For those with reservations about the stopping power of carbon wheels, I can say fear not, as Mavic have found a solution with their patented design and surface treatment. Without being grabby the brakes always slowed the bike down as expected. As the Mavic supplied pads settle in there is some fine yellow dust, this however goes away as the pads and rim bed in.


To put the claimed braking performance to the test, I arranged a private shuttle session on Helshoogte during a hot Stellenbosch afternoon. I was dropped off at Tokara with the Giant and made my way down to the bottom with as much hard braking as possible. For those not familiar with the pass, it is possible to challenge and exceed the speed limit of 80km/h by just staying off the brakes.

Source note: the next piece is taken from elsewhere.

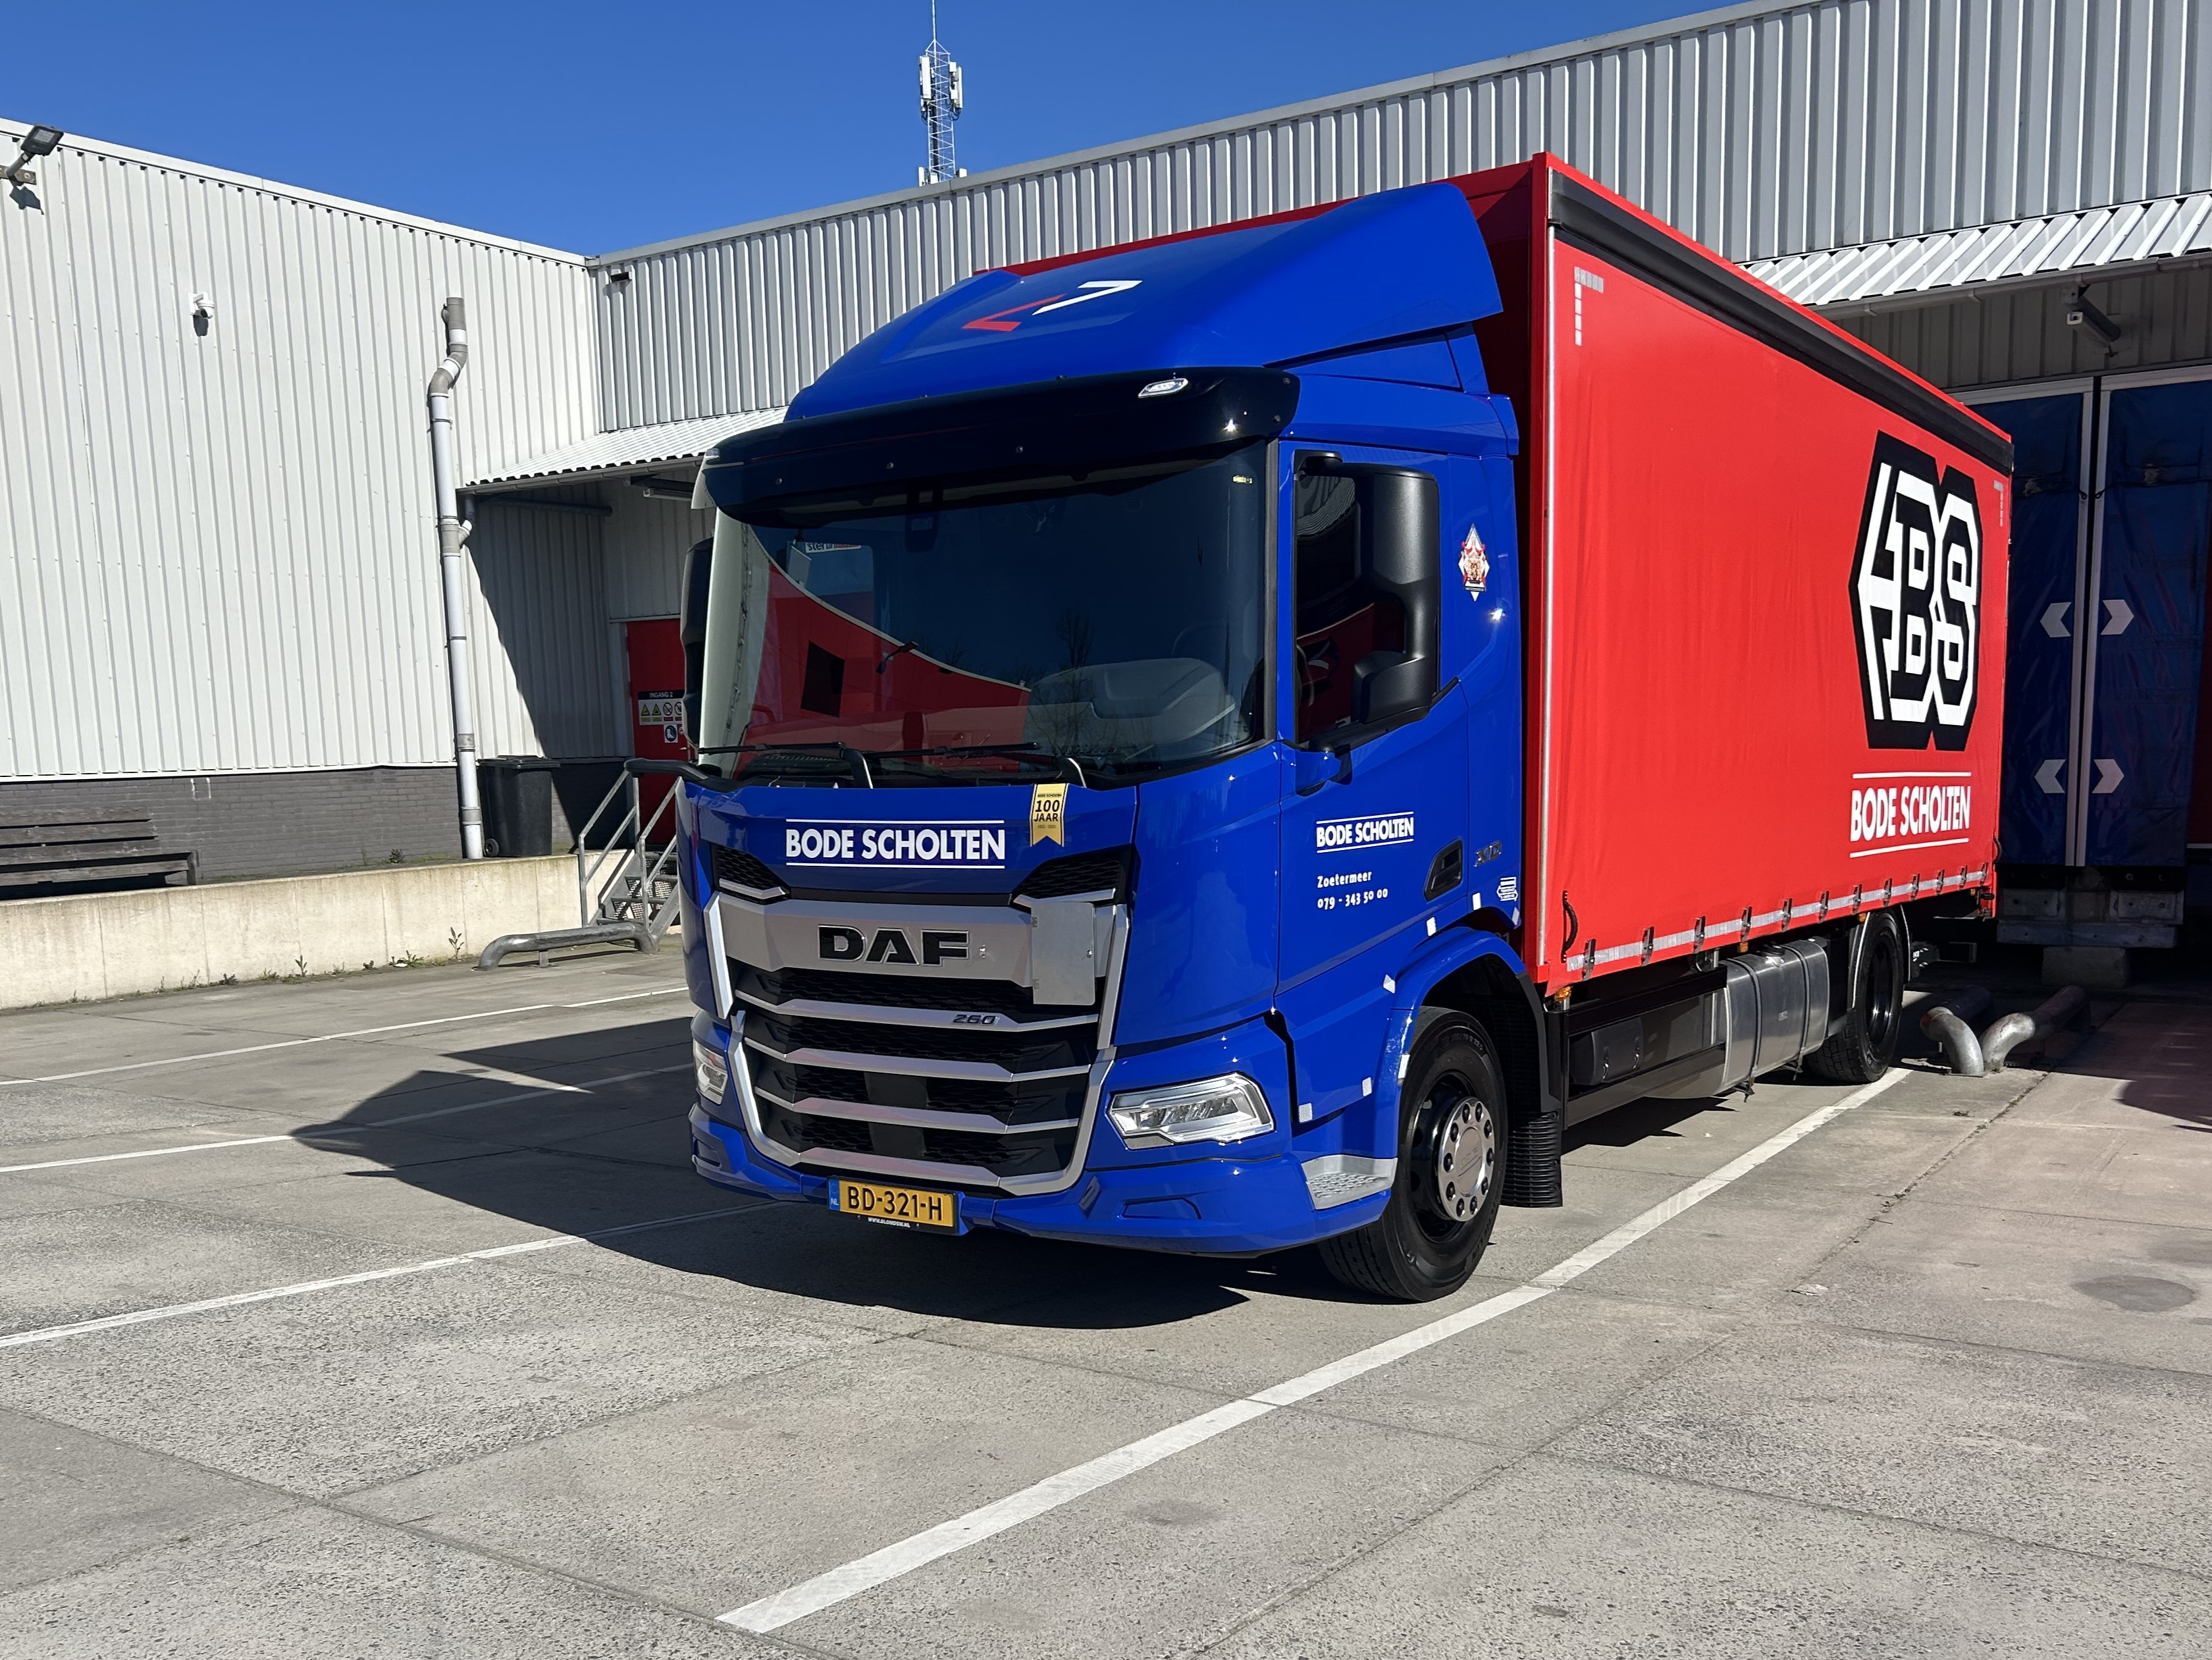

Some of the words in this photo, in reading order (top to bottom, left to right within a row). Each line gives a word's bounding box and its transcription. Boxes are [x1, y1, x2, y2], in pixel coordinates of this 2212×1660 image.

I did this four times in a row. Throughout each run, the braking stayed consistent with a slight reduction in noise from the brake pads noticeable on my final run. Although this not a mega mountain descent, it gave me enough of a feel for the brakes to say that Mavic's claims appear to hold true.

The wheels maintain speed well and the "U" shaped, mid-depth rims do well to hold a line in strong crosswinds. At speed, the Cosmic Pro Carbon SL C inspires confidence with no signs of flex. Once committed to a line, I could let go and allow the tyres do their work at just about any speed. In the wet, the tyres did a good job of dispersing water and giving good feedback to the rider, building confidence as one goes along. All the stiffness does not come at the expense of comfort, with the wider rims and tyres playing their part in taking the sting out of rough roads.



Mavic took their time to release the Cosmic Pro Carbon SL C but they certainly nailed it. Mavic's all carbon wheelset is predictable and reliable under braking while being competitively light, fast, and lively out on the road.